*Exercise*
Give back the entries that follow exactly as written. Any picture gets left out.

*Extracted entries*
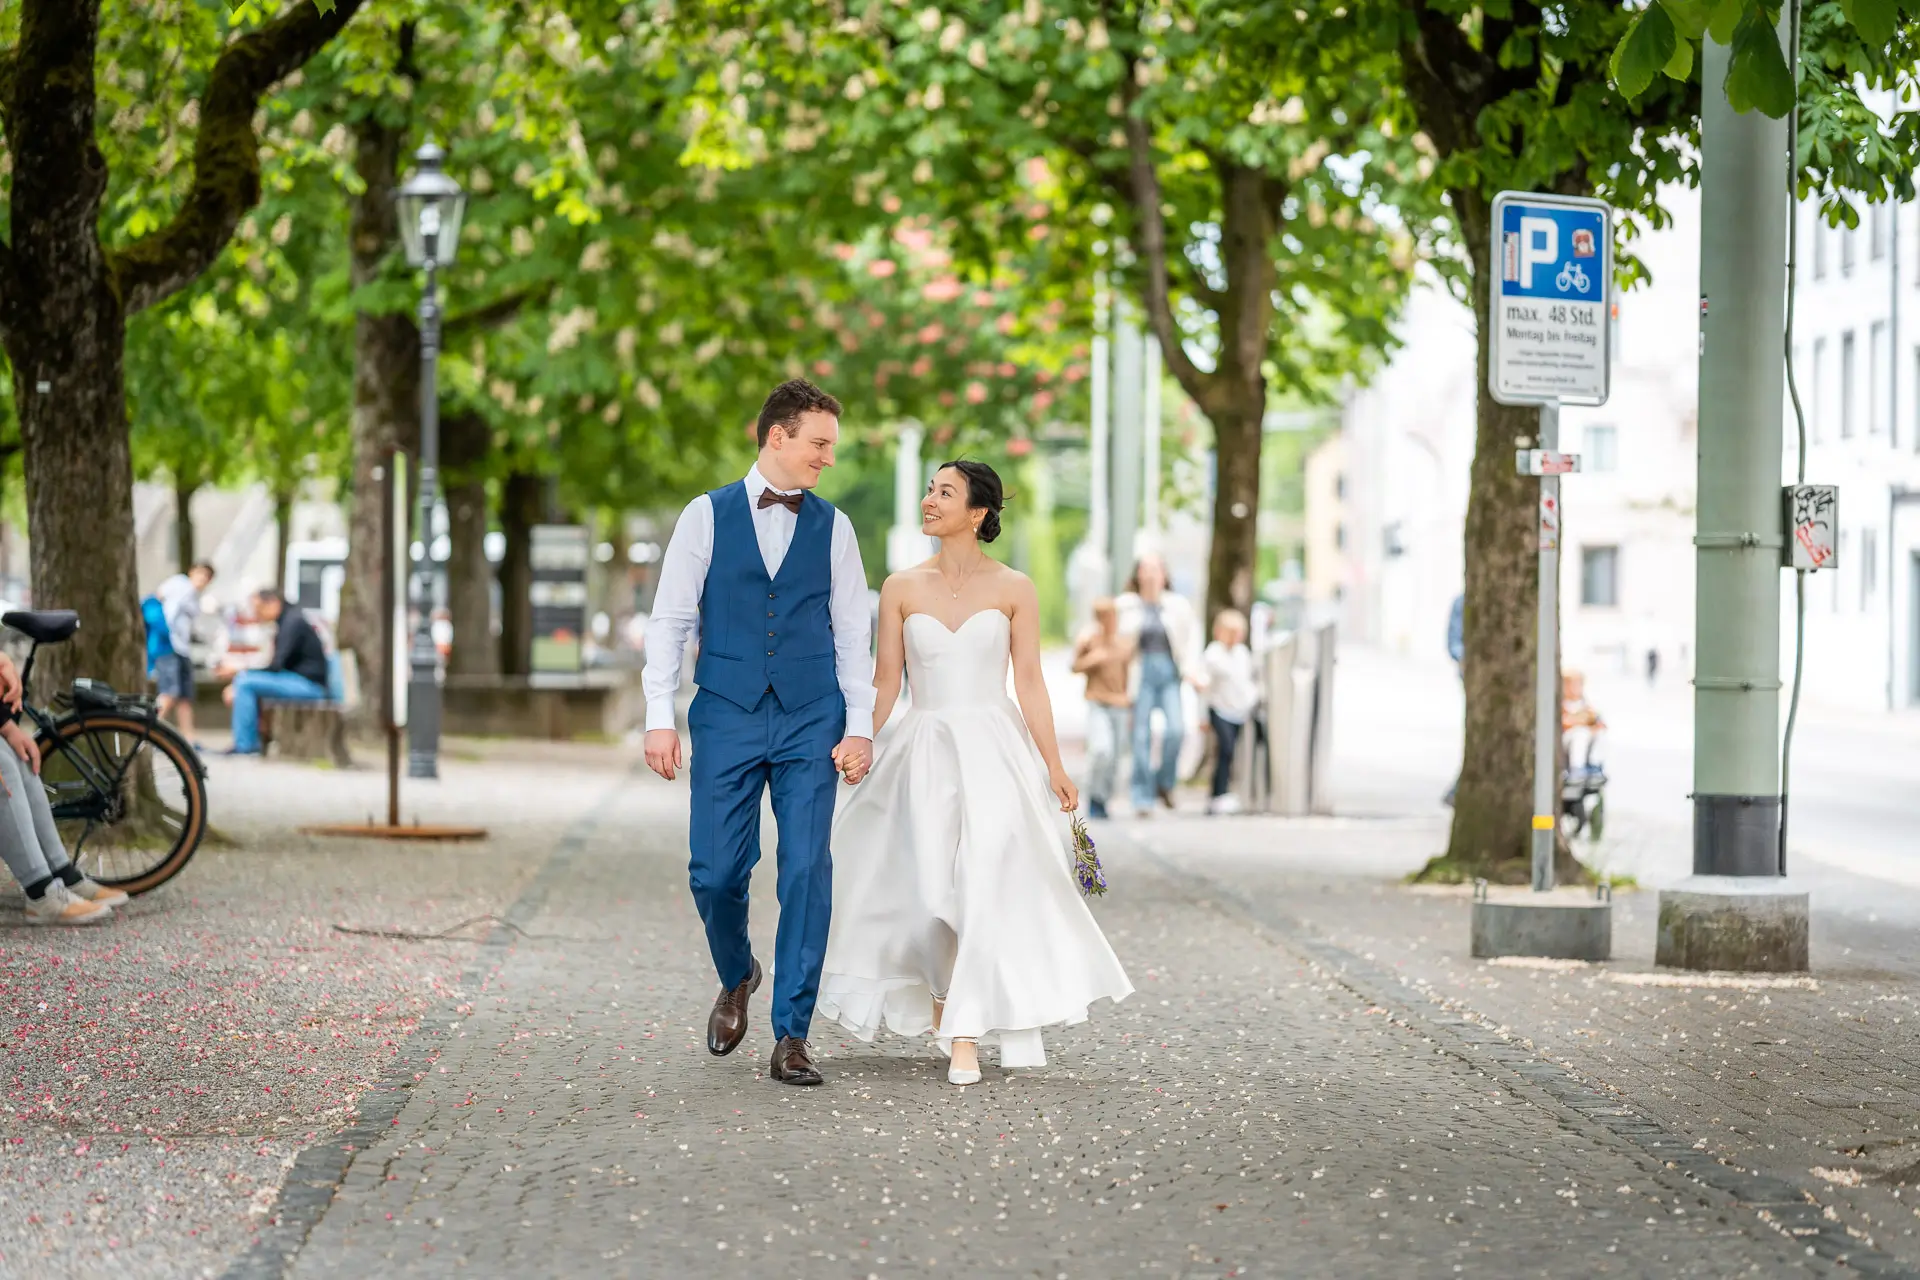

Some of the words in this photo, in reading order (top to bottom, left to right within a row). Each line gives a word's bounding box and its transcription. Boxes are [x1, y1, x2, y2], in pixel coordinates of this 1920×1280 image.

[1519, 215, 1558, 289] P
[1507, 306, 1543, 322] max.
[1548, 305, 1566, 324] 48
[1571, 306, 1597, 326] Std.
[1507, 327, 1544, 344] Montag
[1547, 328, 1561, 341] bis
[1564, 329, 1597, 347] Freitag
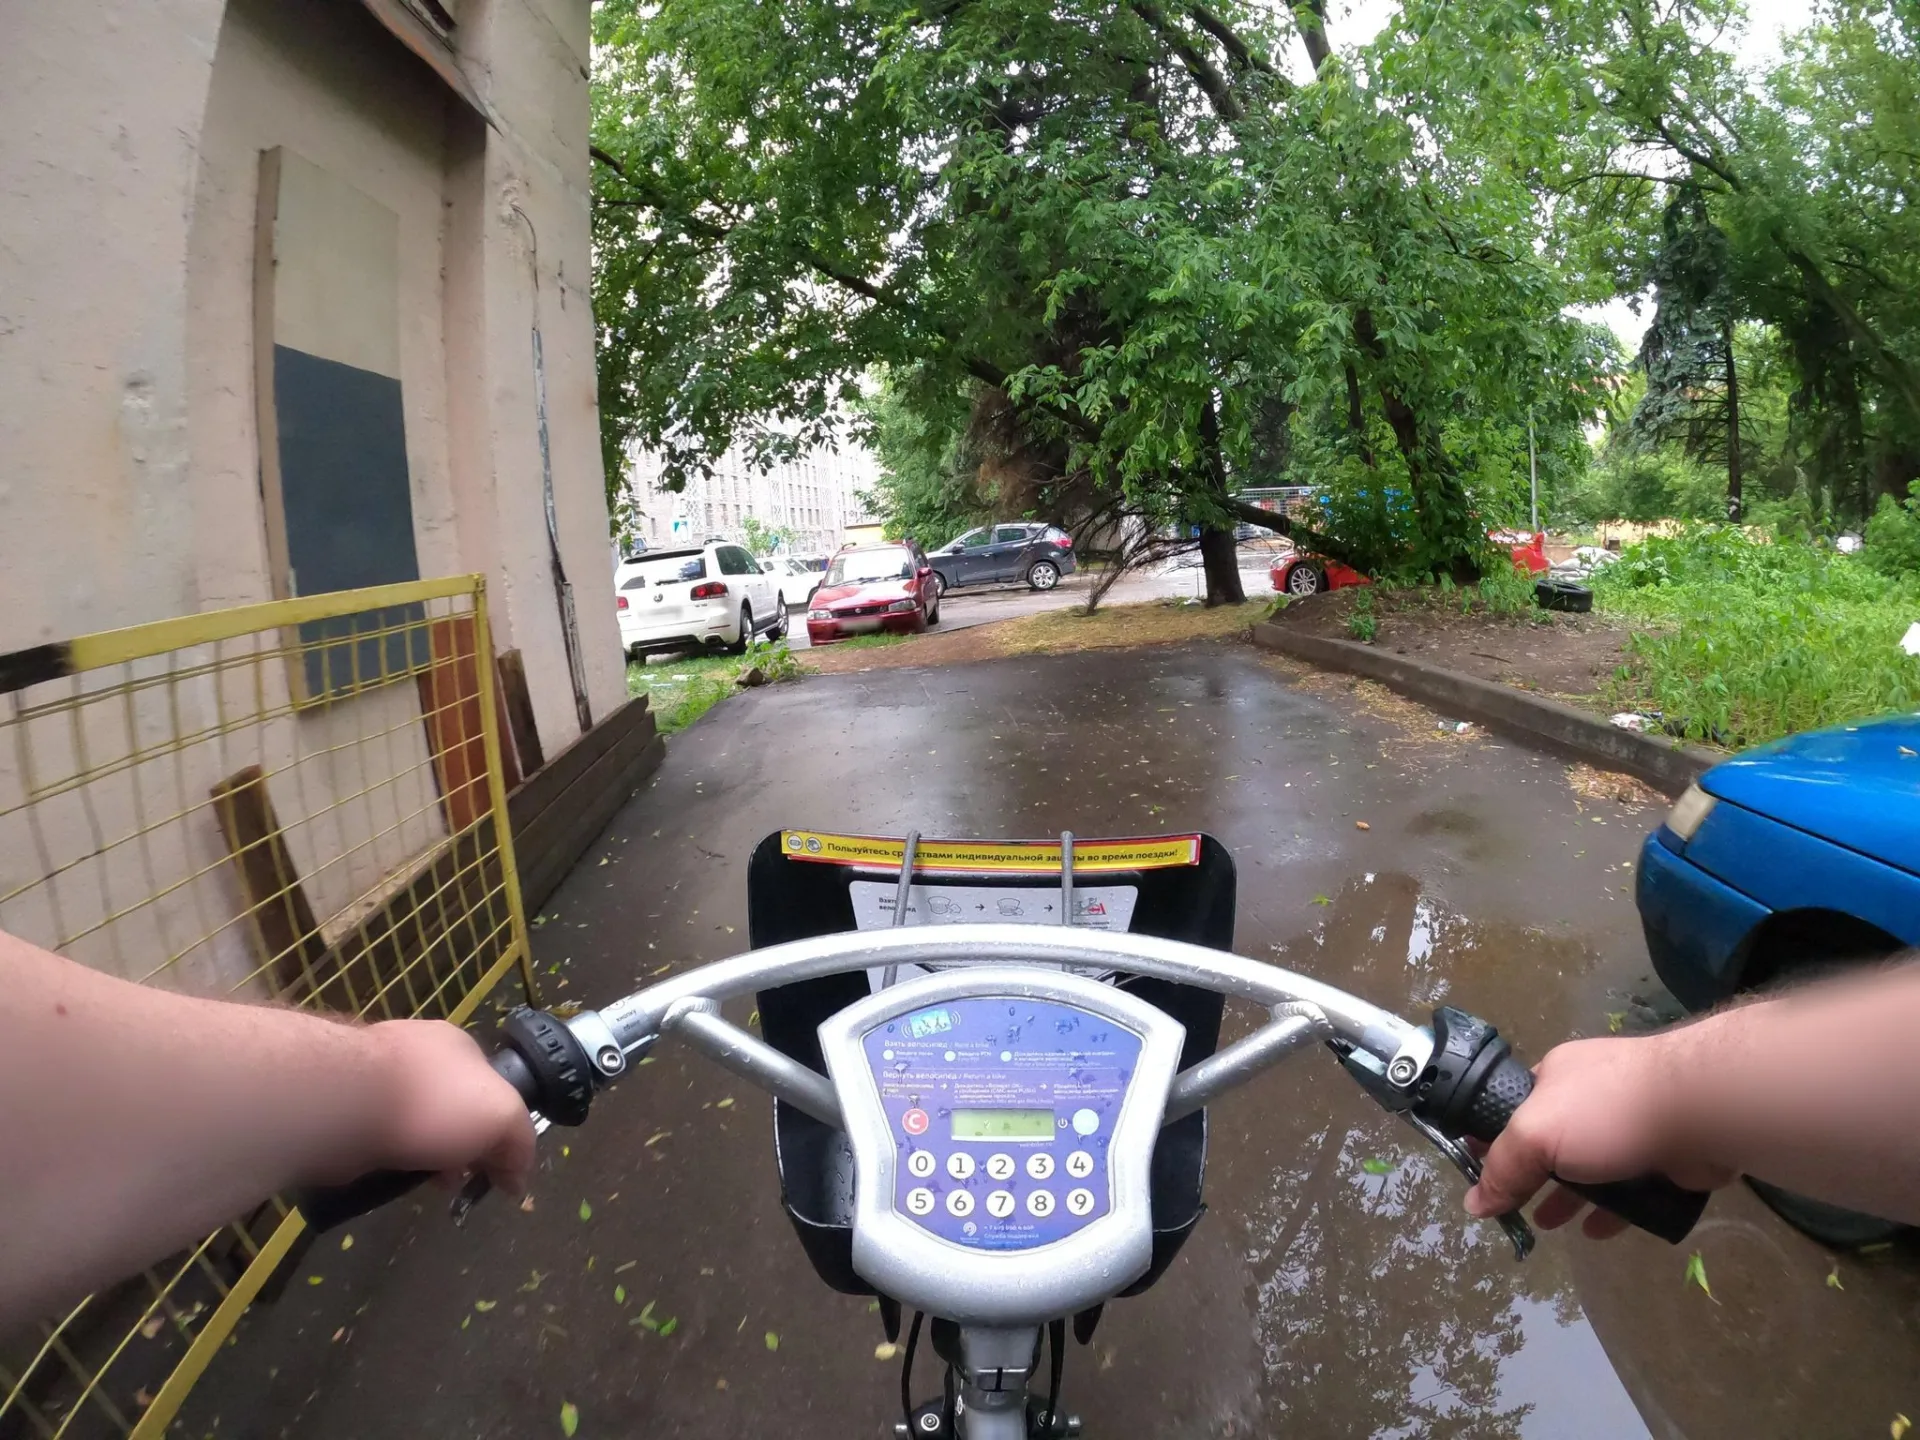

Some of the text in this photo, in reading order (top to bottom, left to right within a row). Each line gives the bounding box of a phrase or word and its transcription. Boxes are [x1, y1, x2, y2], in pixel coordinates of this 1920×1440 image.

*Worked solution*
Some of the words in this photo, in reading order (top to bottom, left to right within a row). Each line gives a word's bounding box and its transcription. Boxes are [x1, y1, x2, y2], in pixel coordinates of this 1920×1280 image.

[1519, 215, 1558, 289] P
[1507, 306, 1543, 322] max.
[1548, 305, 1566, 324] 48
[1571, 306, 1597, 326] Std.
[1507, 327, 1544, 344] Montag
[1547, 328, 1561, 341] bis
[1564, 329, 1597, 347] Freitag

Some of the text in this photo, in reading order (top to bottom, left to right within a row). Each line gives the bounding box of a phrase or word and its transcription. Boxes are [x1, y1, x2, y2], in pixel coordinates of this 1920×1440 image.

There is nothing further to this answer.